The purpose of this paper is to evaluate how women’s underrepresentation in leadership is often attributed to structural barriers or ambition gaps and how capable women deliberately distance themselves from managerial roles. This paper introduces the concept of people management saturation (PMS), a state of emotional and cognitive overload experienced by individuals who feel they are already managing, coordinating and emotionally supporting others in their personal lives, most often through caregiving or motherhood. Ironically echoing a biological acronym long used to marginalize women’s discomfort, PMS here reframes leadership opt-out as a rational act of emotional self-preservation.
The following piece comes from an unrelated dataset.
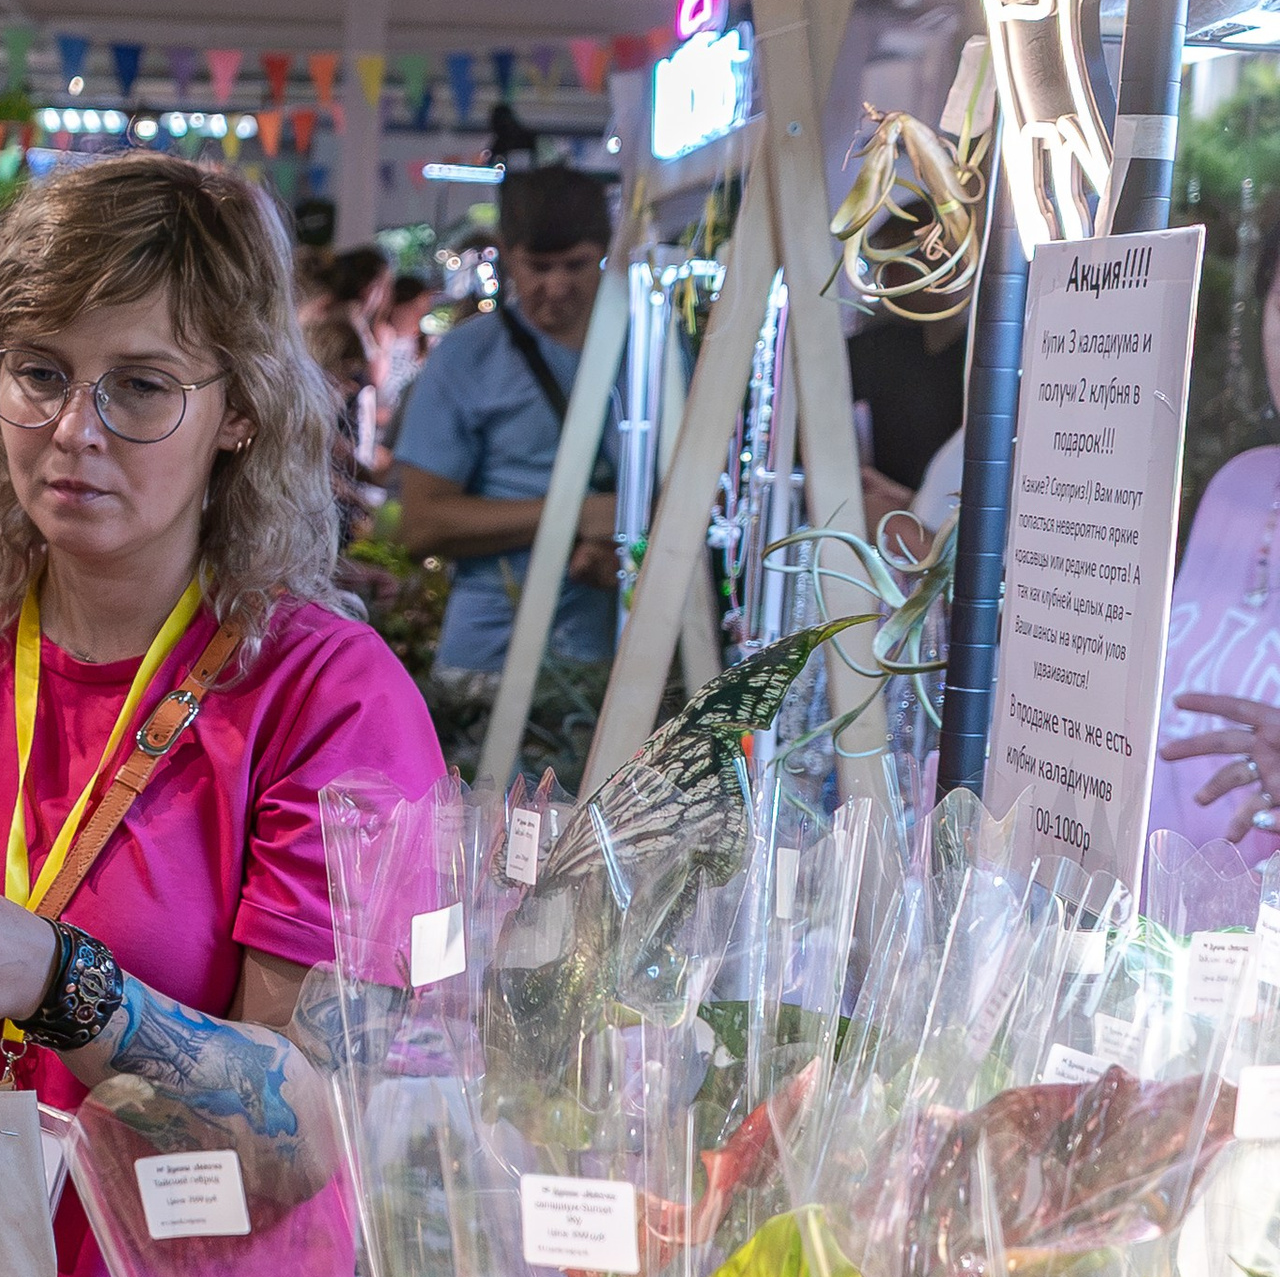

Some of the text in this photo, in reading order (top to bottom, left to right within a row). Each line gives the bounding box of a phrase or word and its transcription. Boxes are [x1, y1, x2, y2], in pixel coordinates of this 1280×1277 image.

By reviewing and integrating diverse literatures on gendered emotional labor, leadership identity regulation and resource depletion, the paper develops a conceptual framework explaining how PMS emerges, how it shapes leadership self-selection and under what contextual conditions it is intensified or mitigated.
The reason is that this is a conceptual paper. The outcome of this paper is to introduce the PMS construct.
This paper invites scholars to reconsider how leadership is defined, emotionally distributed and rewarded, and to recognize that, for some individuals, declining to manage others can represent an act of identity preservation. In doing so, it extends the mental-load literature beyond the domestic sphere and contributes to theories of gender, emotion, and leadership in management studies.